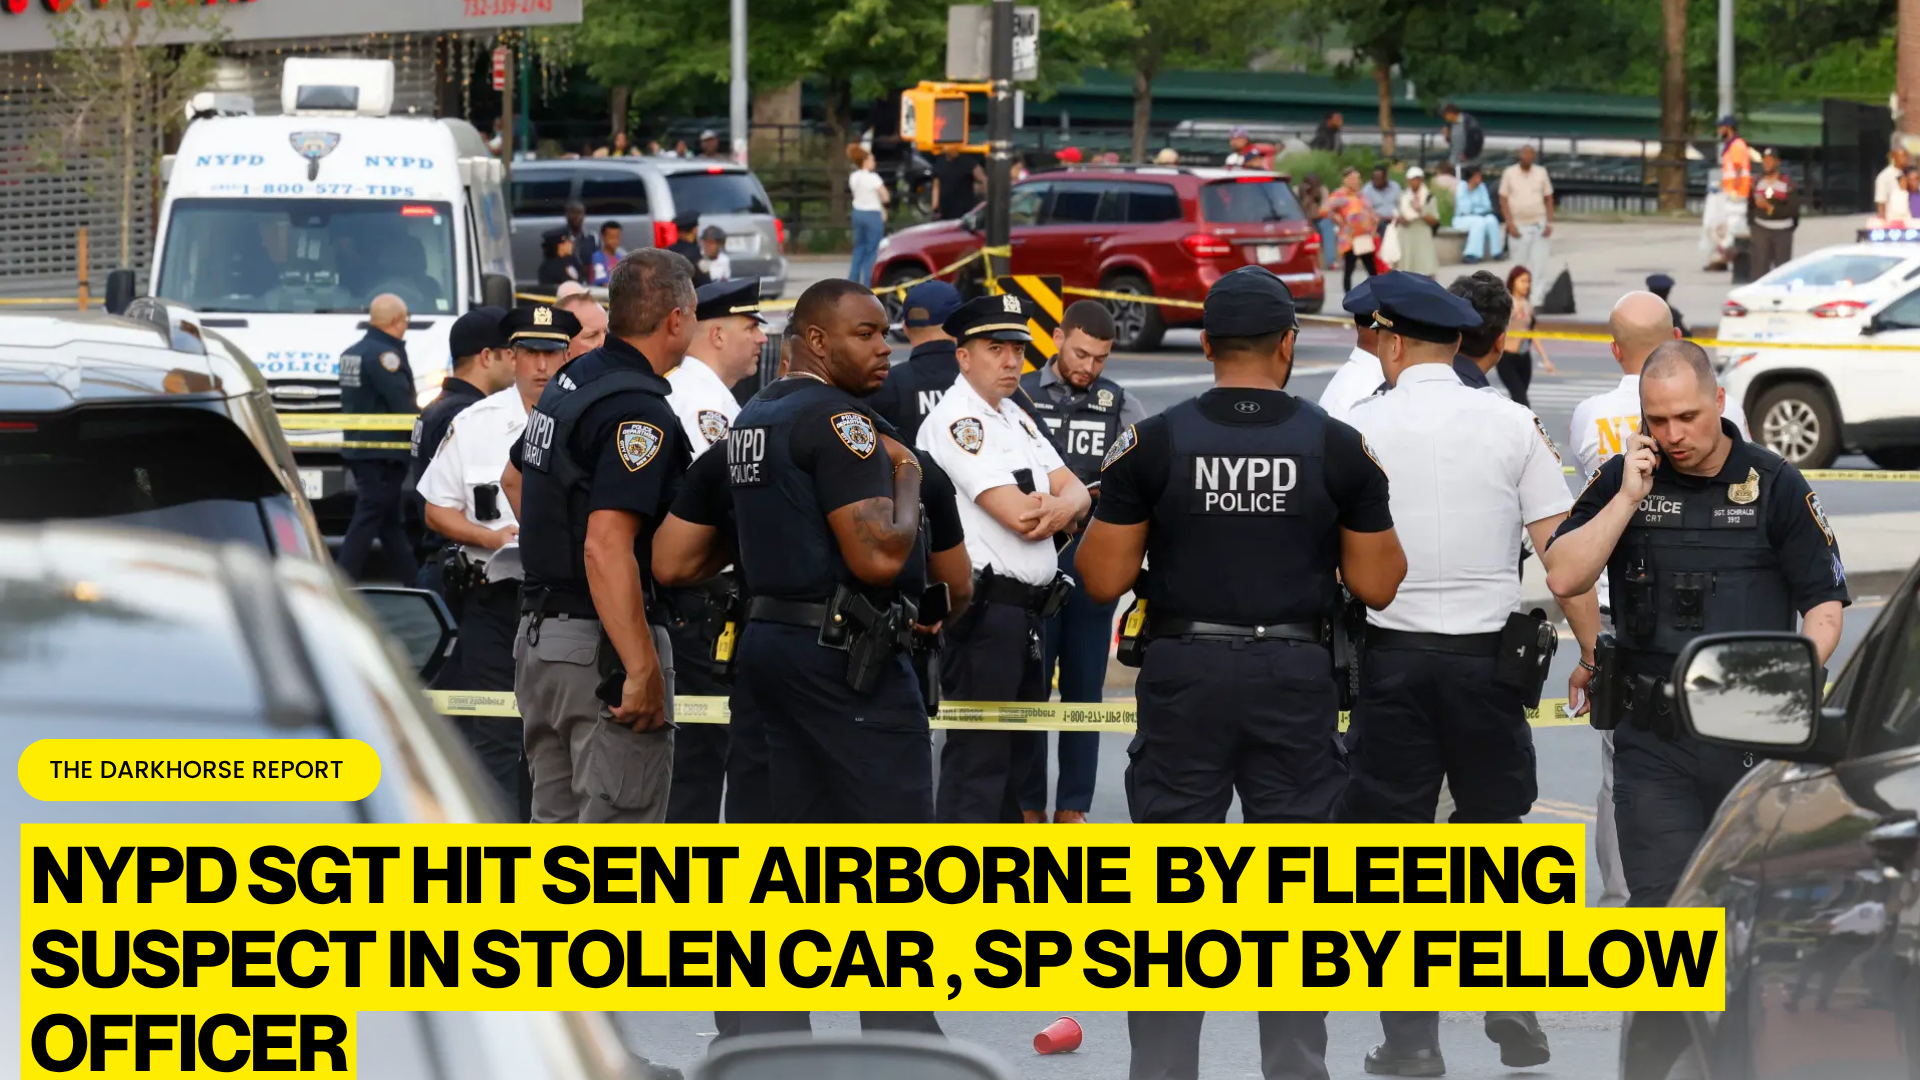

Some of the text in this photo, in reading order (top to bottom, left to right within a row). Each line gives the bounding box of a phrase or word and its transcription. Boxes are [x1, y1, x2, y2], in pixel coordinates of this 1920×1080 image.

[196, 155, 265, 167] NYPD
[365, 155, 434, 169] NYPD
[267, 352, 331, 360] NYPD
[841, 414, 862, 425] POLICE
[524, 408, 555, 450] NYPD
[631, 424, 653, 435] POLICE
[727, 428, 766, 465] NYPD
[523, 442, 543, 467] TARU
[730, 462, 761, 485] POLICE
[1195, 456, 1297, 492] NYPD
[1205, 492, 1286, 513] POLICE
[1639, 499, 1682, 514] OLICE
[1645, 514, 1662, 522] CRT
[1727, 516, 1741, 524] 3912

--

## About this task
The records above are to be restated word for word, excluding all pictures.

## Your solution
Some of the text in this photo, in reading order (top to bottom, left to right within a row). Each line gives the bounding box of a phrase or word and its transcription. Boxes are [x1, y1, x2, y2], in pixel coordinates of this 1920×1080 image.

[196, 155, 265, 167] NYPD
[365, 155, 434, 169] NYPD
[267, 352, 331, 360] NYPD
[841, 414, 862, 425] POLICE
[524, 408, 555, 450] NYPD
[631, 424, 653, 435] POLICE
[727, 428, 766, 465] NYPD
[523, 442, 543, 467] TARU
[730, 462, 761, 485] POLICE
[1195, 456, 1297, 492] NYPD
[1205, 492, 1286, 513] POLICE
[1639, 499, 1682, 514] OLICE
[1645, 514, 1662, 522] CRT
[1727, 516, 1741, 524] 3912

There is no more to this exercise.